Ptah | |||||
---|---|---|---|---|---|
Ptah, Peteh | |||||
Ptah in hiërogliefen | |||||
Ptah | |||||
Oorsprong | Egyptische mythologie | ||||
Cultuscentrum | Memphis | ||||
Gedaante | Man in de vorm van een mummie | ||||
Associatie | Pottenbakkers en ambachtslieden | ||||
Griekse god | Hephaistos | ||||
Ptah
| |||||
|
Ptah, ook gespeld als Peteh was in de Egyptische Mythologie in het Oude Rijk de vergoddelijking van de primordiale wereld in de Enneadische kosmogonie, dat letterlijk Ta-tenen werd genoemd met de betekenis van verrezen land, of als Tanen, met de betekenis van ondergelopen land.
Het was de lokale godheid van de stad Memphis, die in het Oude Rijk lange tijd de hoofdstad was. Er is een versie van het Egyptisch scheppingsverhaal waarin niet de zonnegod Ra de god van de schepping is, maar Ptah. Deze versie staat vereeuwigd op de Steen van Palermo die ooit de tempel van Ptah in Memphis sierde. Dit heiligdom noemde men Hwt-ka-Ptah oftewel "Huis van de Geest van Ptah".
Hij is de gezel van Bastet en haar woeste aspect Sechmet en wordt voorgesteld als een rijzige man met sluitende kleding en een nauwe hoofdkap. Hij draagt een staf waarin het Djed-teken, de Was-scepter en het ankh-teken zijn gecombineerd. Vanaf het Middenrijk werd hem ook een rechte baard gegeven.
Ptah is de pottenbakker onder de goden en ook de brenger van de smeedkunst en de beeldhouwkunst. Hij schiep de mensheid op zijn pottenbakkerswiel en staat de mensheid altijd bij. Hij vormde ze uit klei en blies er een goddelijke vonk in (vergelijk Genesis). Van hem wordt ook gezegd dat hij de wereld schiep "met gedachten uit zijn hart en woorden van zijn tong".
Daarna volgde Ra hem op, vervolgens Shu, Geb, en Osiris.

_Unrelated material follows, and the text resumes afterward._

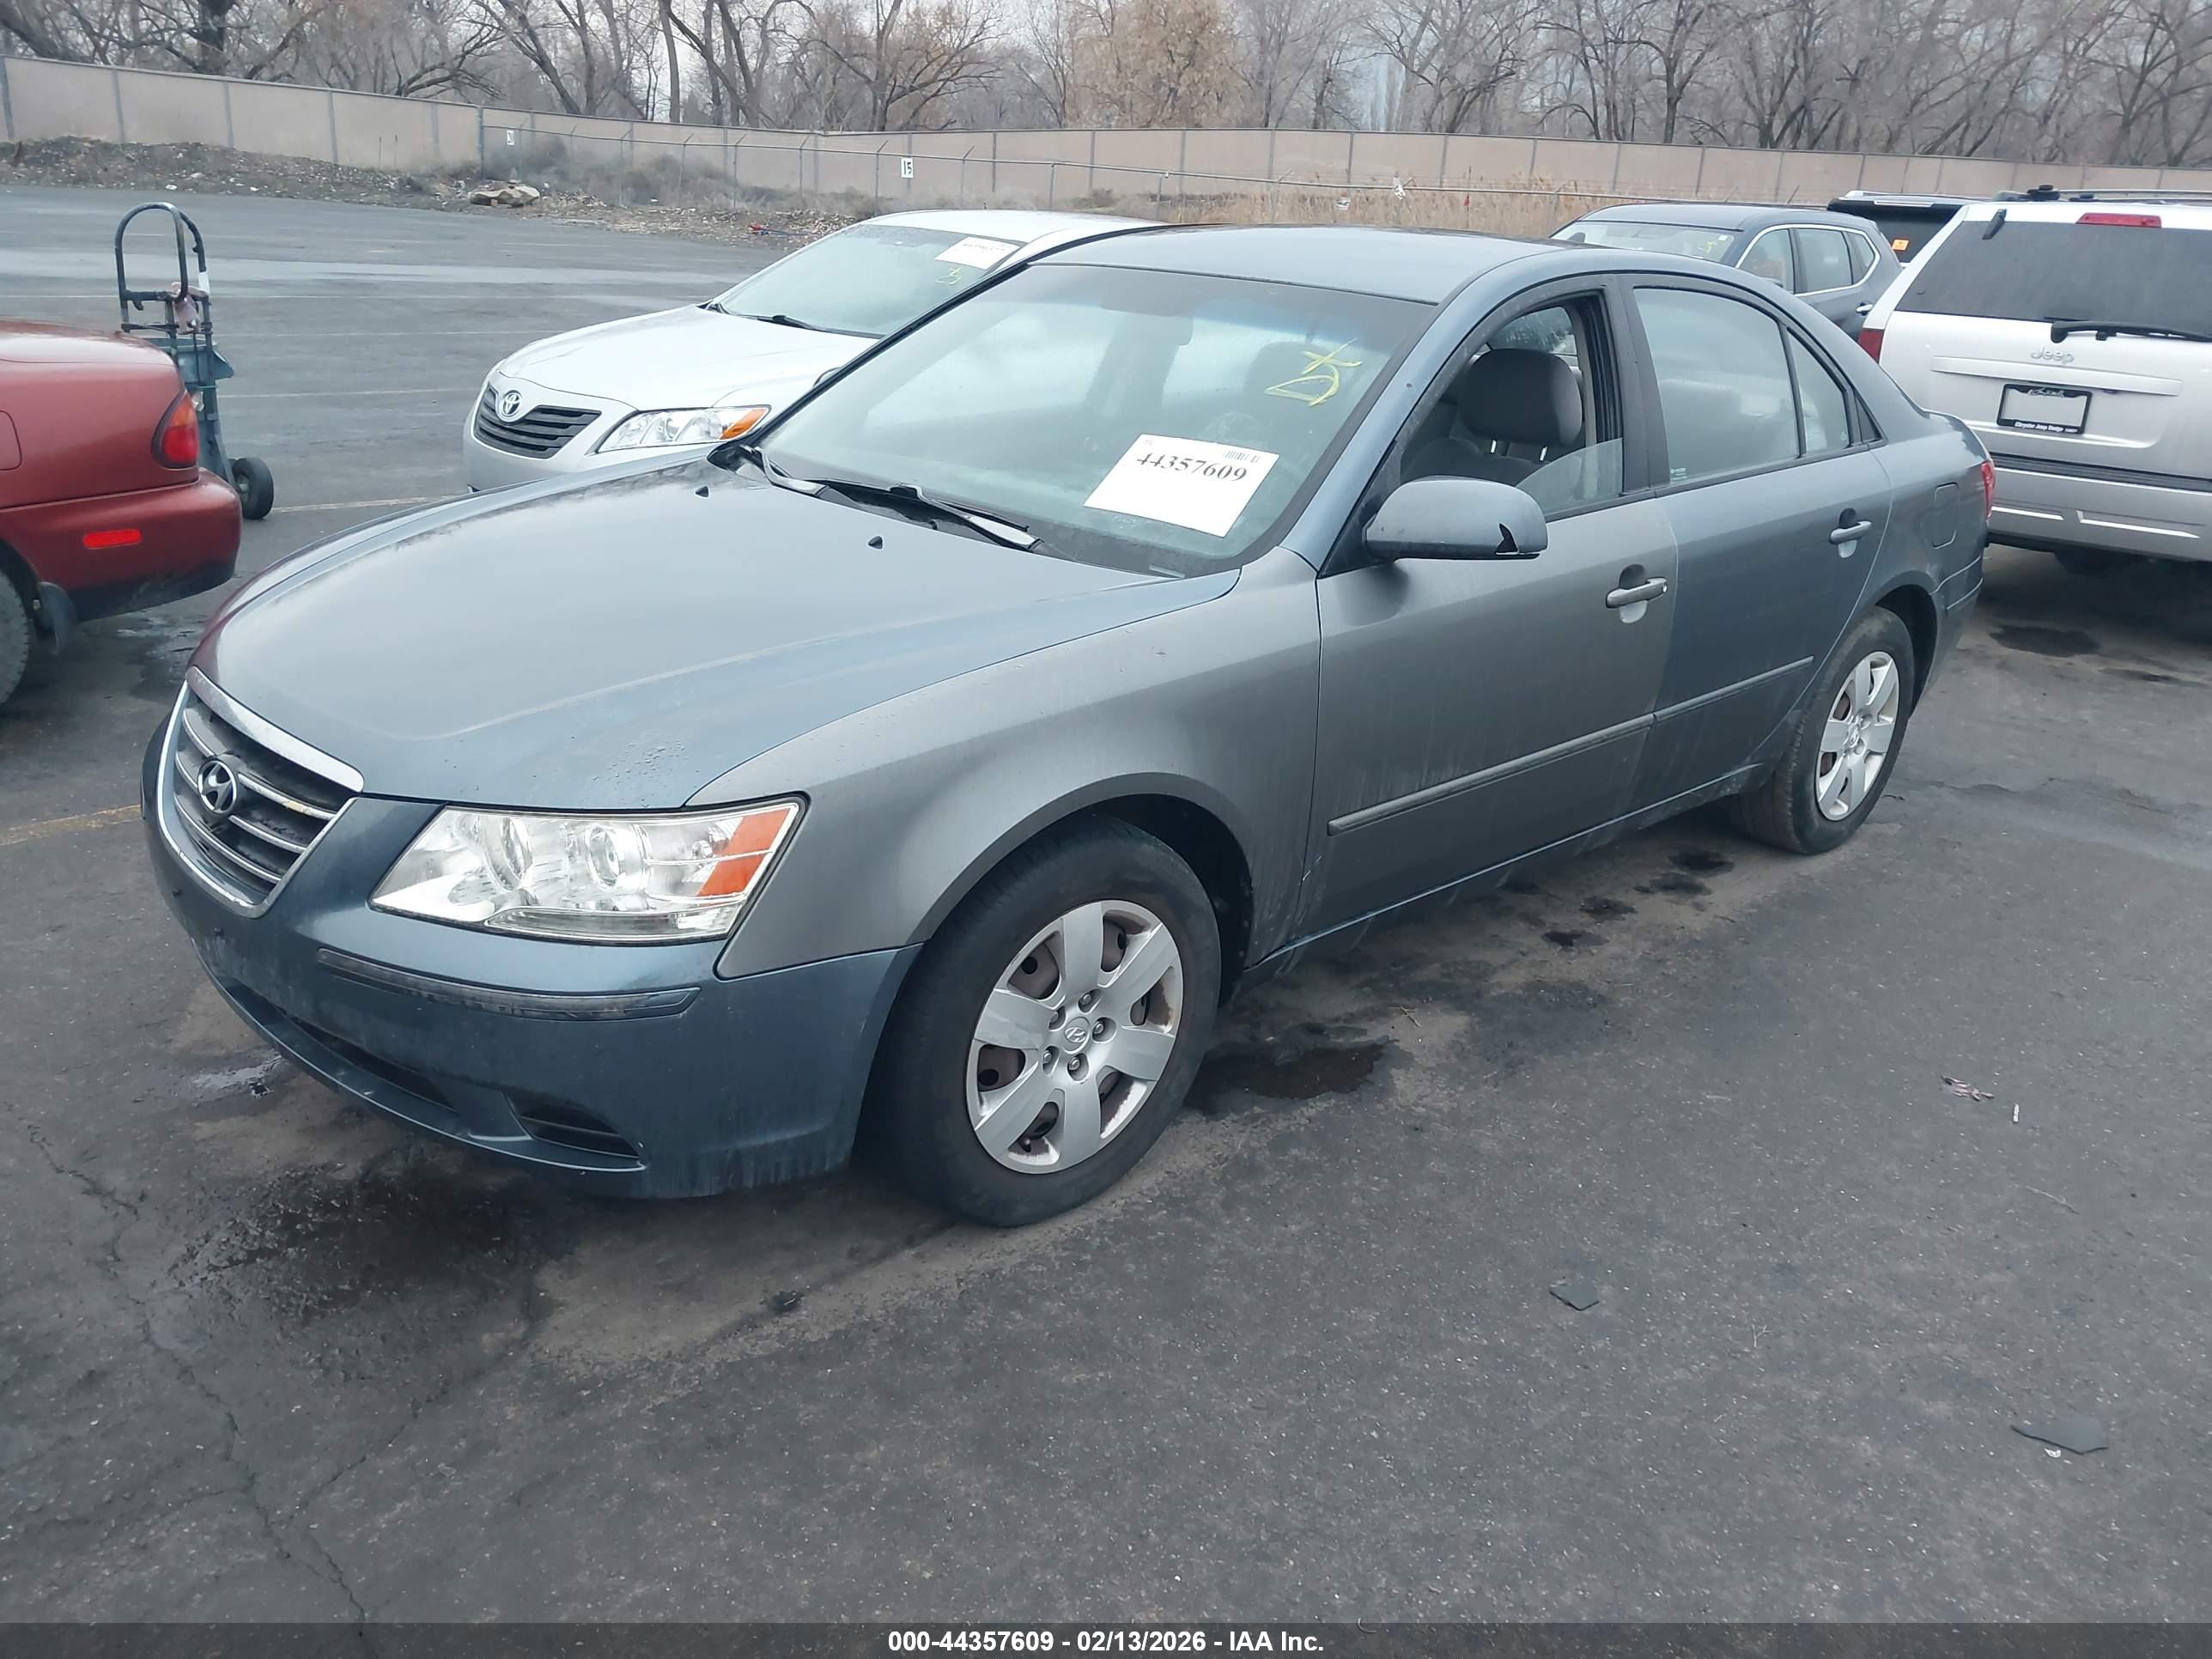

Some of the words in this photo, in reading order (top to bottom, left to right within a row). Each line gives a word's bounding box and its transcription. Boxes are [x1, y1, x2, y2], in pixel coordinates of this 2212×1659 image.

Dan greep Seth de macht maar deze werd verslagen door Horus.
De naam in transcriptie als Ḥwt-k3-Ptḥ (van Hwt-ka-Ptah of Hat-ka-Ptah "tempel van de Ka van Ptah") werd in het Grieks vertaald tot 'Αι γυ πτος' of 'Aeguptos'. In het oude Griekenland ging na verloop van tijd die naam van dit heiligdom over op het gehele gebied: het is de naam van Egypte.
Men beschouwde Imhotep, die de trappenpiramide bouwde, als zijn zoon.
In het Oude Rijk versmolt zijn cultus met die van de valkgod Sokar of Sokaris. Uit deze combinatie ontstond de begrafenisgod Ptah-Sokar. Vanzelf nam deze godheid geleidelijk attributen van de dodengod Osiris over. Zo ontstond Ptah-Sokar-Osiris, waarvan vaak beeltenissen werden als grafgift meegegeven aan privépersonen.
De oude Grieken namen hem onder de naam Hephaistos op in hun pantheon.